Overcoming the walls of our own judements and discriminations requires an expansion of consciousness. To put it another way, in order to see beyond the walls of my own self I must become aware of that which is not-self. I must not only become aware that which feels alien to me, but I must also begin to find some basis for connecting with or understanding something or someone that is on the other side of the fortress that is my paradigm.
How exactly, then, do we choose Hope Over Fear? President Obama spoke at length over this, and I believe that the responsibility for meaningful transformation belongs to each individual.
We are witnessing the decay and demise of all the major systems on the planet, including the global economy, education, human health and wellbeing, society, and every ecosystem on earth. To a systems thinker, the failures of these interdependent systems provide valuable feedback that a course correction is needed. In Chaos Theory, turbulence precedes a jump to a new level of order. The turbulence itself is caused by a rapid and chaotic oscillation between two poles in the trajectory of a system.
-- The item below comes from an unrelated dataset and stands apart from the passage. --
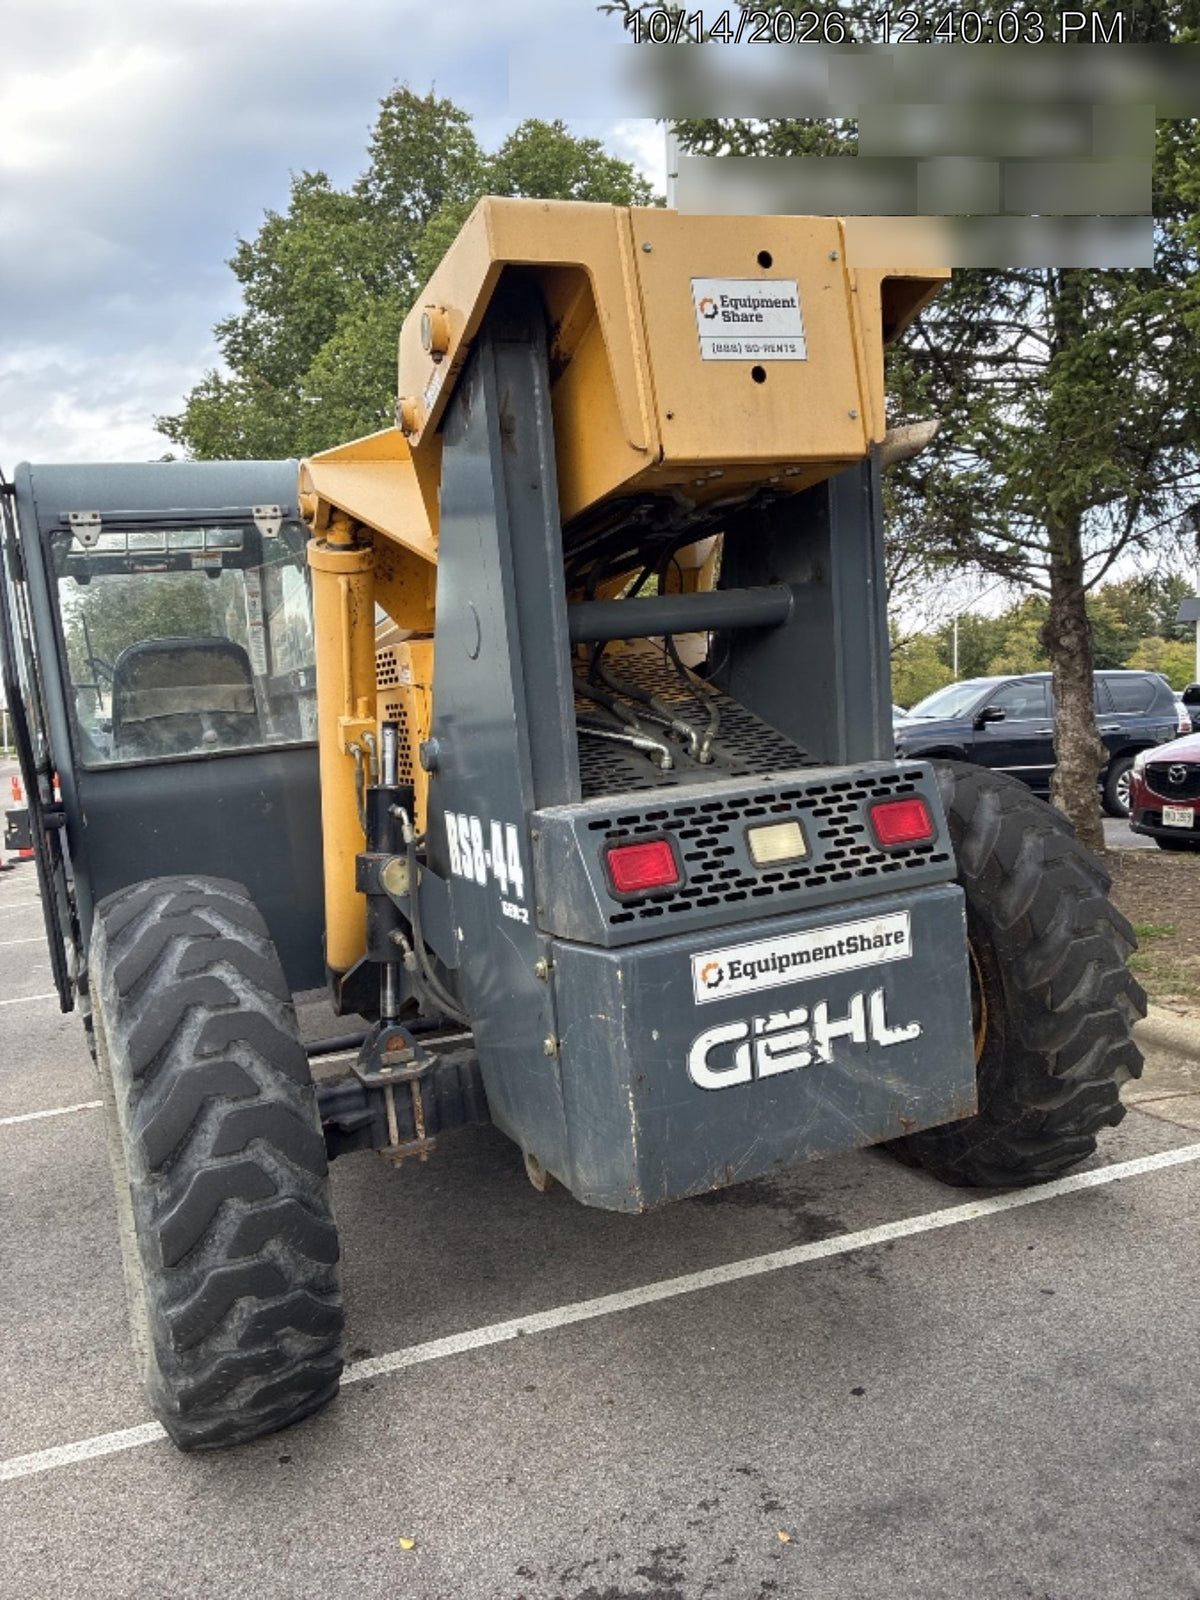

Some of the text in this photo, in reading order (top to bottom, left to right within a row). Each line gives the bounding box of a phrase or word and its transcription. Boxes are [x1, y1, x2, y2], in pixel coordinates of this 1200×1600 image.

I think it's worth taking a minute to break this concept down for you. A trajectory is simply the direction in which the energy of the system is moving. If you're walking north on a hiking trail then the path you've walked is your trajectory. When you come to a fork in the trail you're faced with choosing east or west. Until you lock-in on one choice, your energy waffles back and forth between east and west. Those moments of indecision don't cause too much discomfort when you are just hiking... but when an entire nation is waffling back and forth between republicans and democrats every 4-8 years, there is considerable turbulence. Each time the pendulum shifts "we" feel hopeful and optimistic while "they" feel fearful and afraid.
Case in point: last October I received a widely forwarded email which claimed that Obama was the anti-christ. There are good and honest people out there in the world who are truly afraid that this election heralds the end of days and that we will soon experience a full blown apocalypse. Interestingly enough, I recall that a number of Gore supporters had the same judgements and fears when Bush was elected.
While I am clearly a democrat and am most certainly feeling much more hopeful about the world today than I have in the past several years, it's useless for half of the country to feel hopeful if the other half is fearful. It only causes more turbulence.
Therefore, any one of us who truly wants to make a difference in the world, and who truly want to achieve world peace, must begin to tear down the walls of our judgements. We must cease to define others by how they differ from us. We must seek always to connect with and understand anything and anyone which feels alien, foreign, or threatening.
If you are a democrat, please reach out to your republican neighbors. Begin by sharing a meal together, not by lecturing or brow-beating. Spend time appreciating the things you have in common - loving your children, working hard, doing the right thing, and faith in something higher than the self. This is one thing you can do to work for peace. This is how we choose hope over fear. We cannot afford otherwise.